Shropshire Star

Will food quality suffer after Brexit?

Could Brexit make us think a little more deeply about our food? Prof Ralph Early of Harper Adams University says we should think very carefully before abandoning EU food standards.

Published
Ralph Early

Do people give much thought to the food they buy? Most people will answer yes; thinking that as customers they do think for instance about what they buy to stock their cupboards, prepare meals and feed families. But consider for a moment, thinking about the food we need is not the same as thinking about what a product actually consists of, where it originated and, importantly, whether it’s safe to eat. We tend to assume the food we buy is authentic and safe. The reason we don’t think too deeply on the matter is because we trust food businesses to act for our best interests. Generally we take for granted the quality and safety of the food offered to us and in being able to do this, we are indeed privileged. But is it a privilege some of our politicians would happily trade away?

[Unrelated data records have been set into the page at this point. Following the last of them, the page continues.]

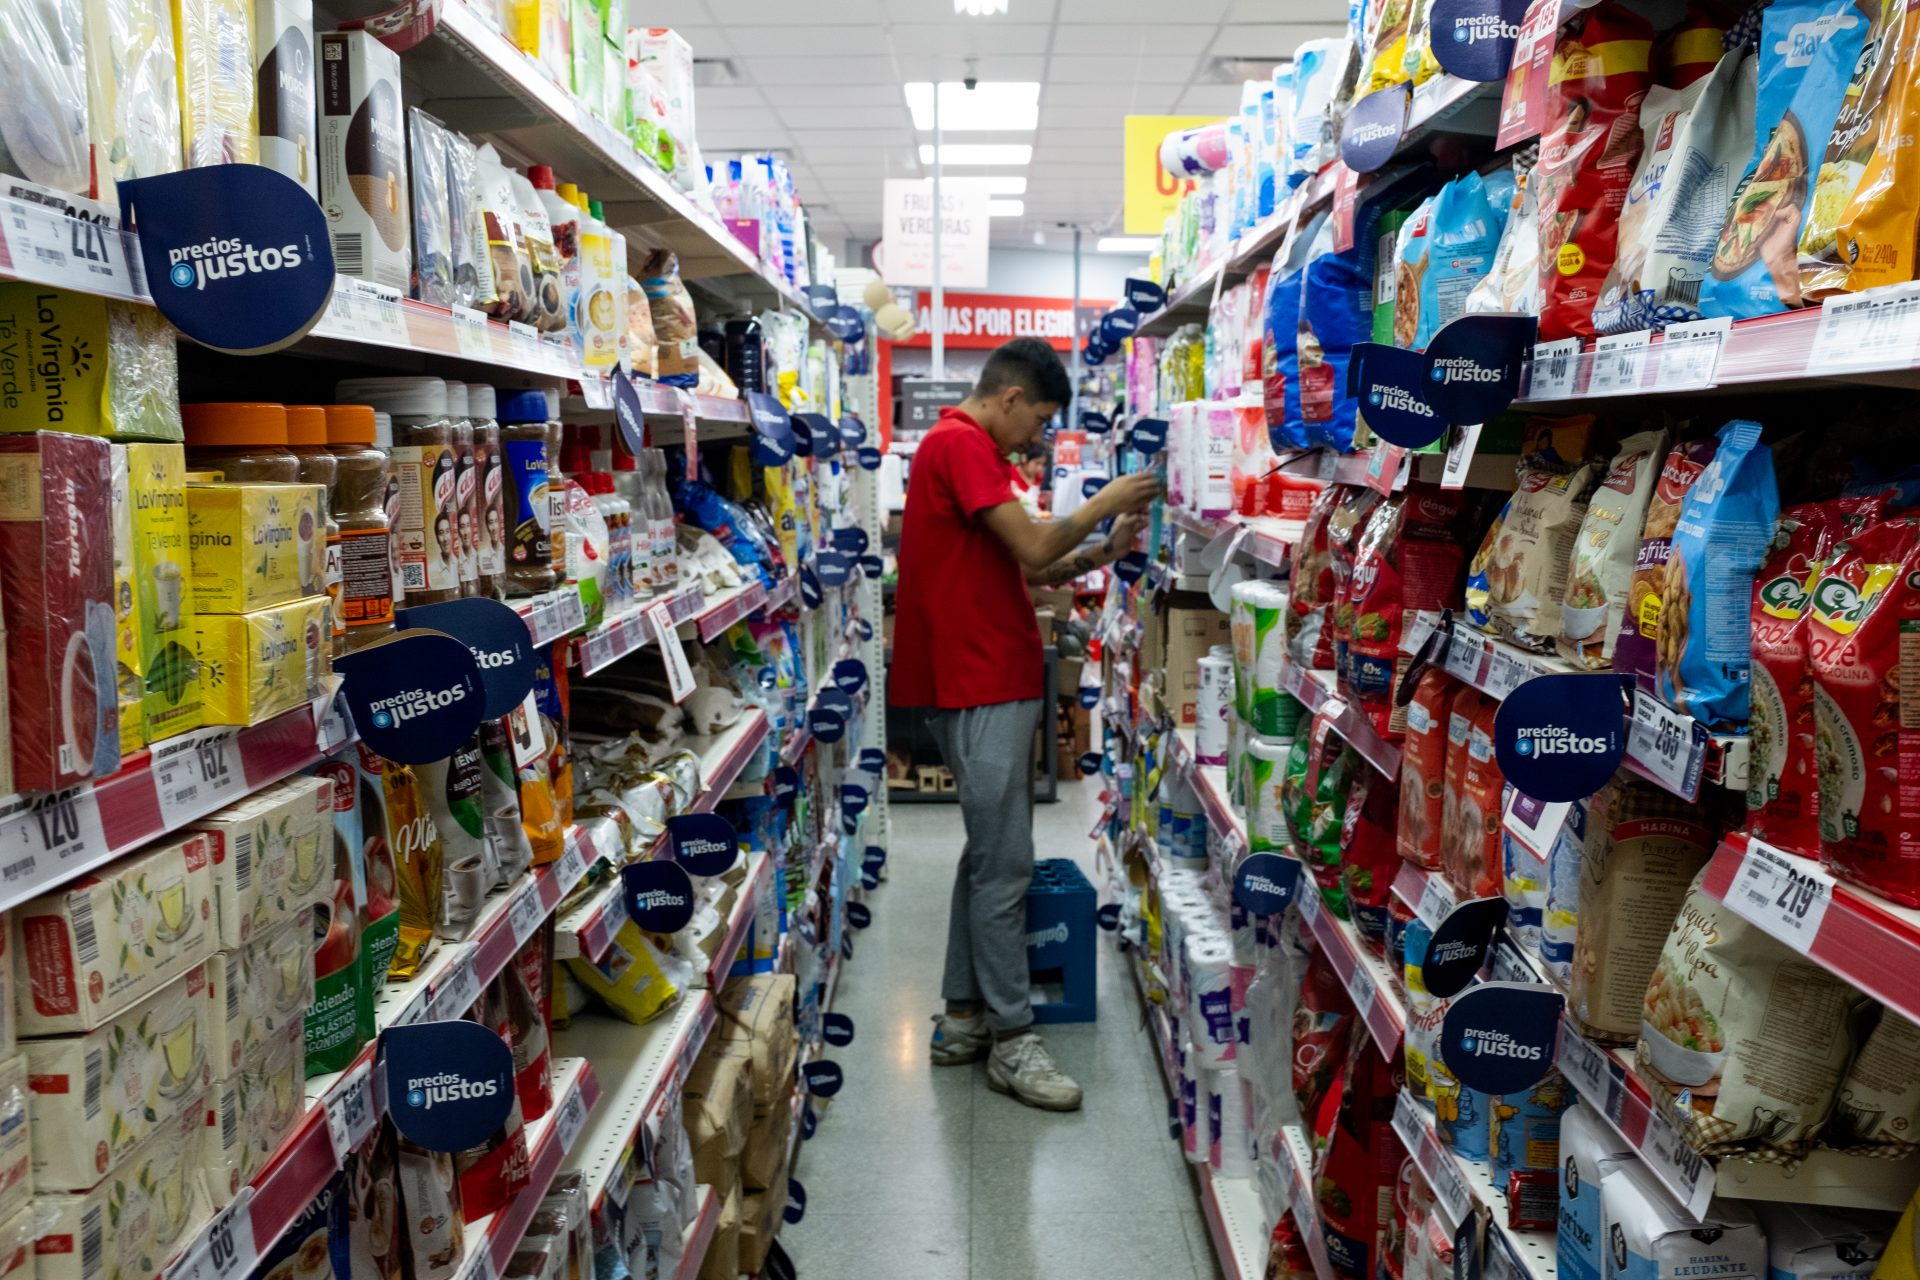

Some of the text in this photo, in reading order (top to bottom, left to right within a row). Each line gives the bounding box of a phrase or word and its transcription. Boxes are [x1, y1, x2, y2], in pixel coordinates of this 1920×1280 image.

[1455, 14, 1500, 27] precios
[1469, 20, 1520, 45] justo
[1353, 122, 1378, 134] precios
[1359, 123, 1396, 146] justos
[904, 193, 954, 213] FRUAS
[899, 216, 972, 235] VERRAS
[169, 237, 242, 266] precios
[1873, 244, 1897, 269] 240g
[195, 244, 302, 291] justos
[975, 308, 1012, 336] POR
[37, 294, 67, 422] LaVirginia
[1434, 357, 1475, 368] precios
[1444, 365, 1501, 385] justos
[1371, 384, 1409, 398] precios
[1381, 394, 1434, 417] justos
[189, 531, 232, 550] ginia
[475, 648, 514, 669] tos
[370, 688, 425, 714] precios
[391, 683, 466, 728] justos
[1517, 724, 1569, 739] precios
[1533, 733, 1607, 759] justos
[1840, 725, 1860, 781] cremoso
[1641, 823, 1689, 836] HARINA
[680, 838, 707, 848] precios
[690, 842, 727, 857] justos
[1246, 874, 1271, 884] precios
[1250, 881, 1286, 896] justos
[637, 889, 666, 900] precios
[646, 893, 684, 911] justos
[1776, 868, 1817, 918] 219
[1436, 940, 1463, 950] precios
[1440, 943, 1477, 966] justos
[1464, 1028, 1510, 1042] precios
[1475, 1039, 1541, 1061] justos
[408, 1073, 460, 1091] precios
[425, 1079, 497, 1110] justos
[1690, 1255, 1729, 1264] HARINA
[1674, 1263, 1747, 1276] LEUDANTE
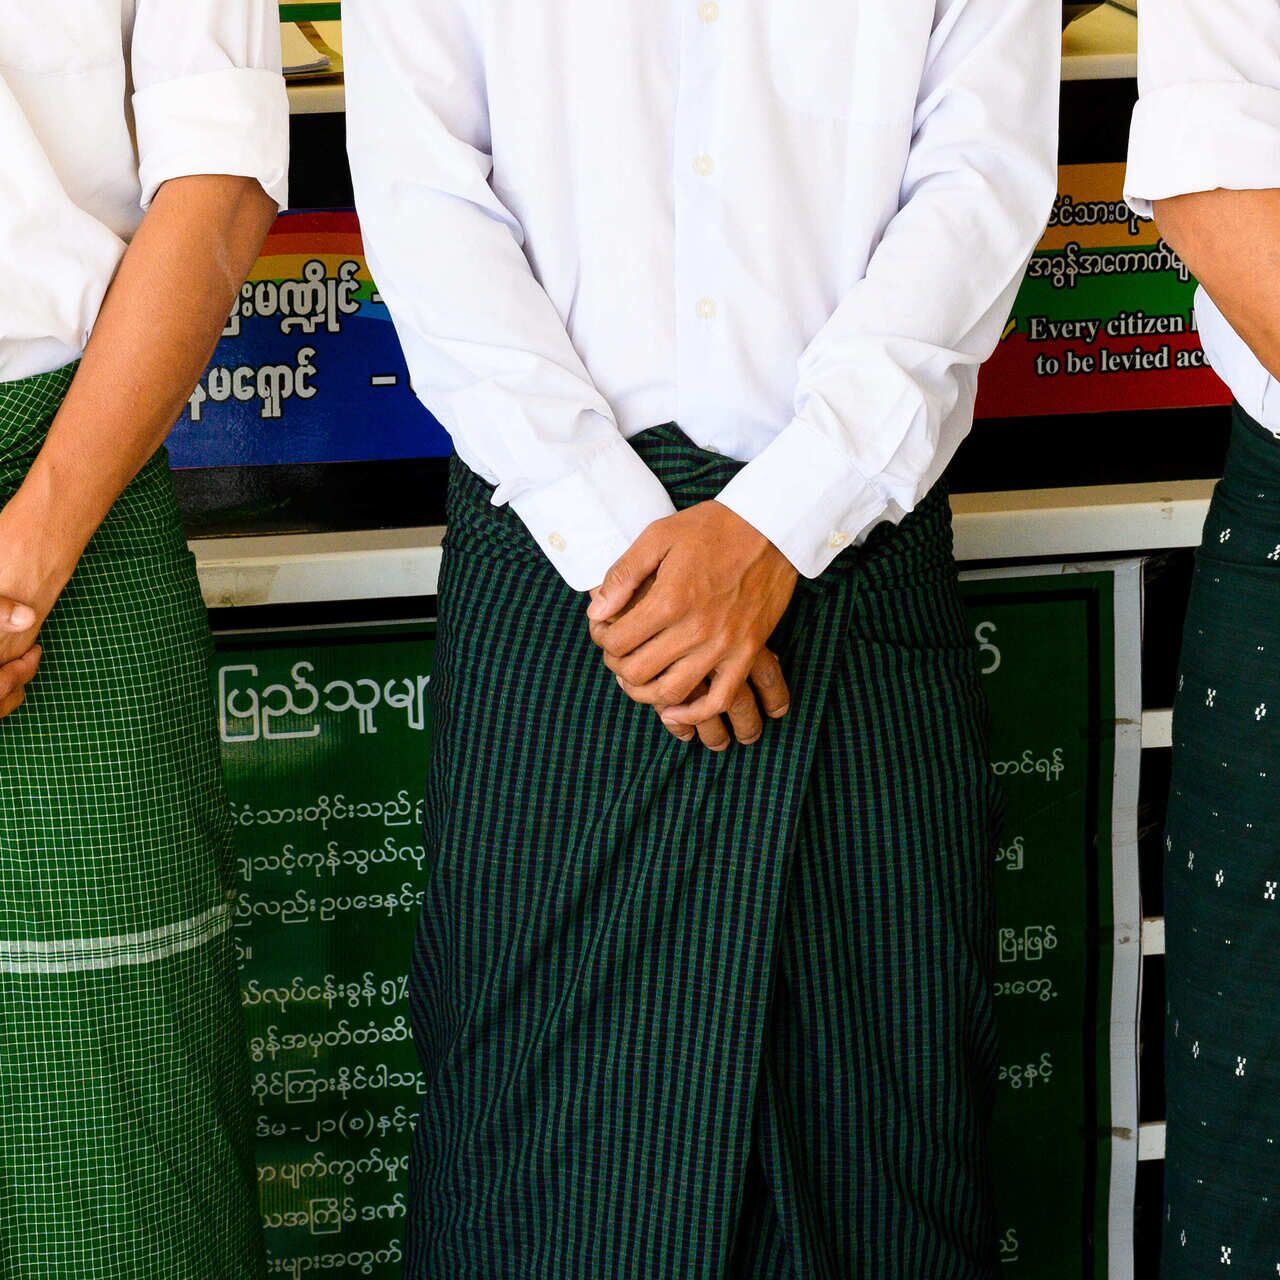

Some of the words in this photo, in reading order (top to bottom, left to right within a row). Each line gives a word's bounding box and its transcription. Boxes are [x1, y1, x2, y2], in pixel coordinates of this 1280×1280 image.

[1029, 316, 1102, 344] Every
[1106, 312, 1184, 336] citizen
[1036, 354, 1060, 376] to
[1066, 351, 1095, 373] be
[1100, 346, 1169, 372] levied

Britain’s food system is part of an international food system. Each year millions of tons of raw food materials and food products are imported, particularly from EU countries. They make up the gap in our domestic food production because Britain is only around 60 per cent self-sufficient. In fact many of the products we routinely enjoy are not produced in our country. Take a look at supermarket shelves and you will see that many are imported and very many come from our nearest trading partners in the EU. But this may change with Brexit. Certainly, some of the Brexit models under discussion could result in foodstuffs to which we are accustomed not being available in the future if we cease to trade with EU supplier countries. So, where would this leave us as a nation that needs to make up a 40 per cent shortfall in our food supply, especially with imported products that we do not and cannot make ourselves?

Eurosceptic politicians say the answer is easy. We will simply trade with the world. We will import what we need from America, Australia, New Zealand, even India and China: countries thousands of miles away, not just a short journey across the Channel.

The very concept of replacing food imports from European countries with products from the other side of the world raises many questions about practicality, added transport costs passed onto consumers and negative effects on global climate change. We might also ask how the nature of our food might change and how it might affect our food culture. For instance, if instead of buying European food products we replace them with American foods, would our food culture become even more Americanized? Would the obesity and diabetes problem Britain already has worsen to American levels?

The British farming and food industries provide many of our staple foodstuffs and in terms of filling the 40 per cent gap some suggest that our indigenous food businesses could compensate for the loss of EU imports. The principle ‘Buy British’ is certainly admirable and loyalty to British food producers makes sense as we should we want to sustain our own farming and food industry. However, the British food industry can’t produce all that we want to eat, not just in terms of quantity but also in terms of variety. And ominously the fly in the ointment when it comes to international trade will be the issue of food standards, especially when one hears that US President Donald Trump has told Britain’s PM Theresa May that Britain must abandon ‘unjustified’ food standards – meaning high EU standards – if any Brexit trade deal is to be agreed between the two countries.

British food standards are of the best in the world, not just because we are British, but because we have been a member of the European Union since 1973. Trade between countries is predicated on the agreement of standards and Britain trades easily and efficiently with 27 EU countries because we have mutually agreed standards. We also trade with 50 other countries with which the EU has free-trade agreements, so any claim that Britain must leave the EU to enjoy free trade under the World Trade Organisation (WTO) is a myth.

The EU has been very good at raising standards for the common good, which has been good for British citizens in matters of food quality and safety. Cessation of trade with the EU in order to trade by WTO rules would bring many complications, and not least the need to agree new food standards with new trading partners, which can take a very long time.

As consumers we rely on food manufacturers, retailers and public health authorities to act for our common good in matters of food quality and safety. Central to the Brexit debate has been the notion of a ‘bonfire of the regulations’. If the food regulations that have helped us trade with EU members and other countries are sacrificed on the altar of free-trade could we then face a brave new world of lower food standards existing specifically to validate Brexit and the trading ambitions of politicians? Essentially, might we be forced to sacrifice food quality and safety for political expediency? Perhaps only time will tell. But if it happens, might we then all need to start thinking much more carefully about the food products we buy, where they originated, what’s in them and whether or not they are truly safe to eat?